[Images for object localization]
=== Section Start ===
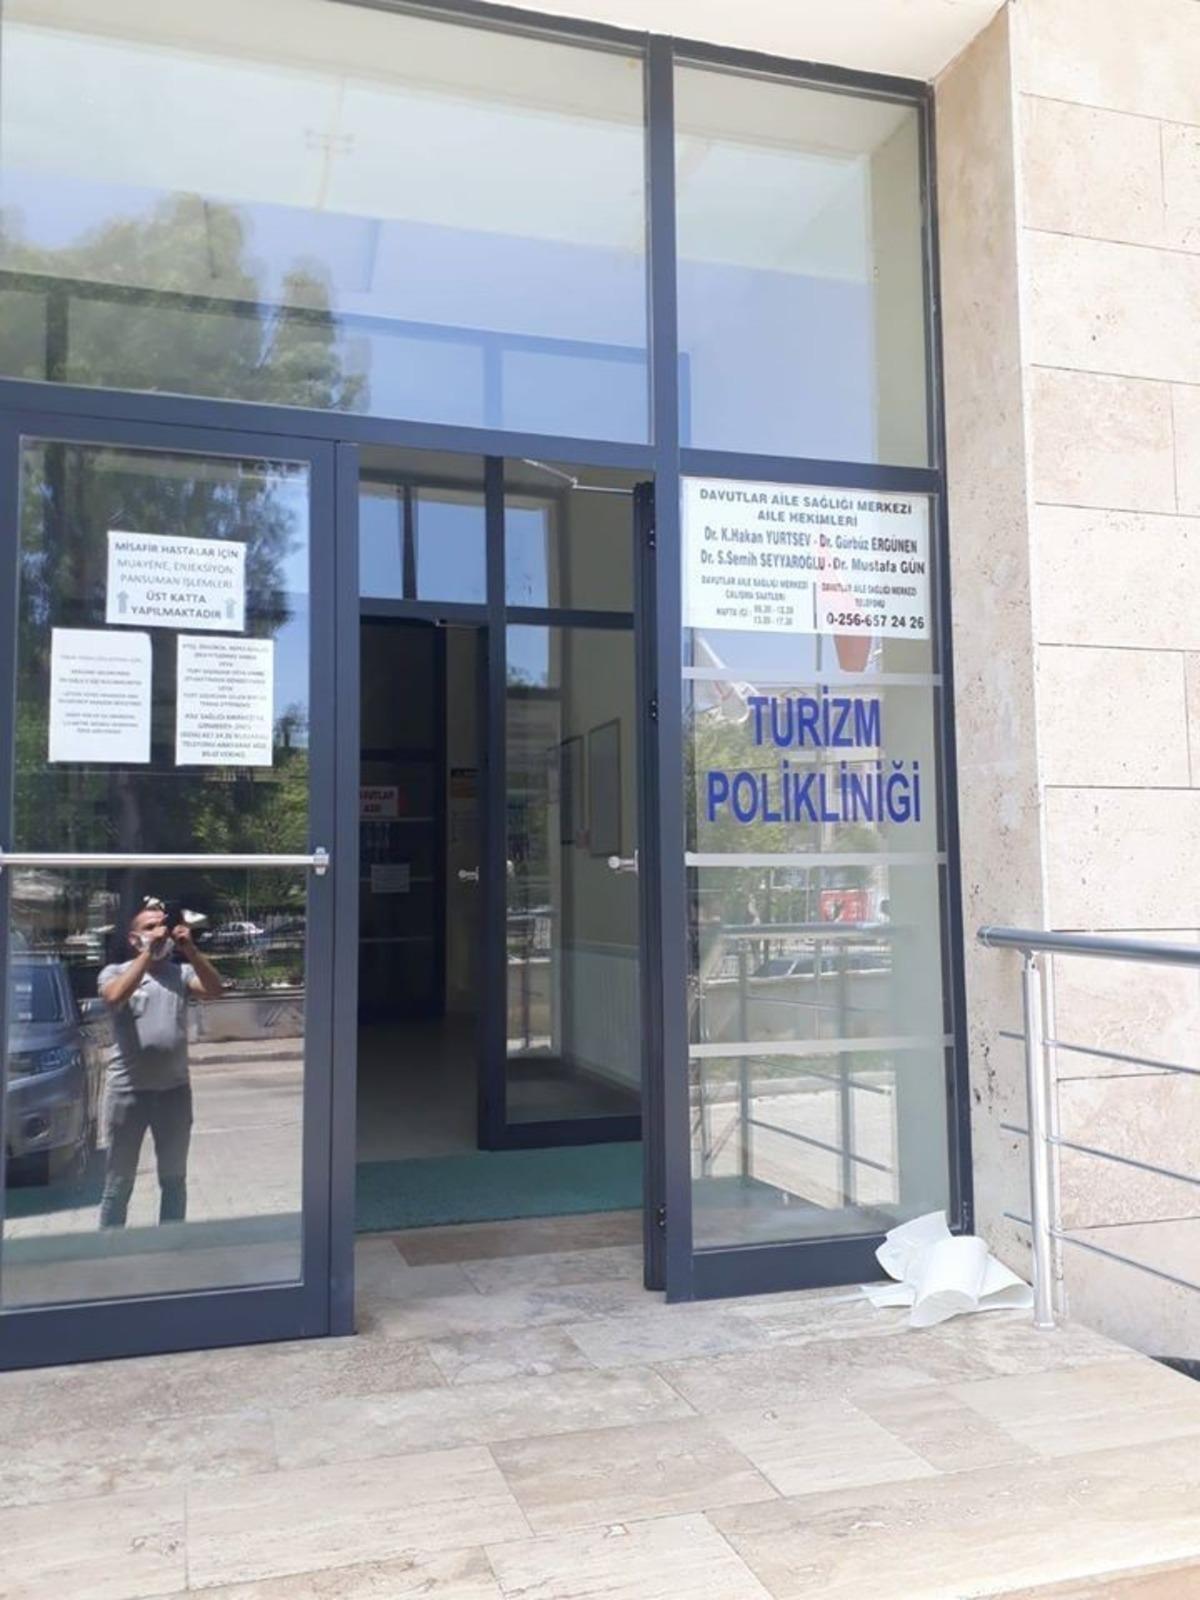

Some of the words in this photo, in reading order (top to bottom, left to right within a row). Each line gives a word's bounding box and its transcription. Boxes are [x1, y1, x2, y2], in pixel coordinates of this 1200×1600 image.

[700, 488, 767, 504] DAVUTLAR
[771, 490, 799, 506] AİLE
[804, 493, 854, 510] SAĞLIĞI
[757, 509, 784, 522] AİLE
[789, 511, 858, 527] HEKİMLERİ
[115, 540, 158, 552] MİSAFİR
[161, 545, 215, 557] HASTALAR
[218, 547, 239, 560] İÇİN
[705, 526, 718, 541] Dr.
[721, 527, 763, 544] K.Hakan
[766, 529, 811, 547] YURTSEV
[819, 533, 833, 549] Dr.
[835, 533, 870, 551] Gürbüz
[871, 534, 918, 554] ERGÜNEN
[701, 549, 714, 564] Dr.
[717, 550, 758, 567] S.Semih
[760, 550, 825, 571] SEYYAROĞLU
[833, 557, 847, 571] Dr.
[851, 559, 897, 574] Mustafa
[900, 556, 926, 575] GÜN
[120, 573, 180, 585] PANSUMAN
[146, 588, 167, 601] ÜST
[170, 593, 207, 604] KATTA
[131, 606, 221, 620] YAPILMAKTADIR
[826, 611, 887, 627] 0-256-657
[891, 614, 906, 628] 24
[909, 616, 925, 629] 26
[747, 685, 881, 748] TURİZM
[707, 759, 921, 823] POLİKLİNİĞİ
=== Section End ===
What you have to do - Return the data above in its exact wording, with none of the pictures.

Task output -
Some of the words in this photo, in reading order (top to bottom, left to right within a row). Each line gives a word's bounding box and its transcription. Boxes are [x1, y1, x2, y2], in pixel coordinates of this 1200×1600 image.

[700, 488, 767, 504] DAVUTLAR
[771, 490, 799, 506] AİLE
[804, 493, 854, 510] SAĞLIĞI
[757, 509, 784, 522] AİLE
[789, 511, 858, 527] HEKİMLERİ
[115, 540, 158, 552] MİSAFİR
[161, 545, 215, 557] HASTALAR
[218, 547, 239, 560] İÇİN
[705, 526, 718, 541] Dr.
[721, 527, 763, 544] K.Hakan
[766, 529, 811, 547] YURTSEV
[819, 533, 833, 549] Dr.
[835, 533, 870, 551] Gürbüz
[871, 534, 918, 554] ERGÜNEN
[701, 549, 714, 564] Dr.
[717, 550, 758, 567] S.Semih
[760, 550, 825, 571] SEYYAROĞLU
[833, 557, 847, 571] Dr.
[851, 559, 897, 574] Mustafa
[900, 556, 926, 575] GÜN
[120, 573, 180, 585] PANSUMAN
[146, 588, 167, 601] ÜST
[170, 593, 207, 604] KATTA
[131, 606, 221, 620] YAPILMAKTADIR
[826, 611, 887, 627] 0-256-657
[891, 614, 906, 628] 24
[909, 616, 925, 629] 26
[747, 685, 881, 748] TURİZM
[707, 759, 921, 823] POLİKLİNİĞİ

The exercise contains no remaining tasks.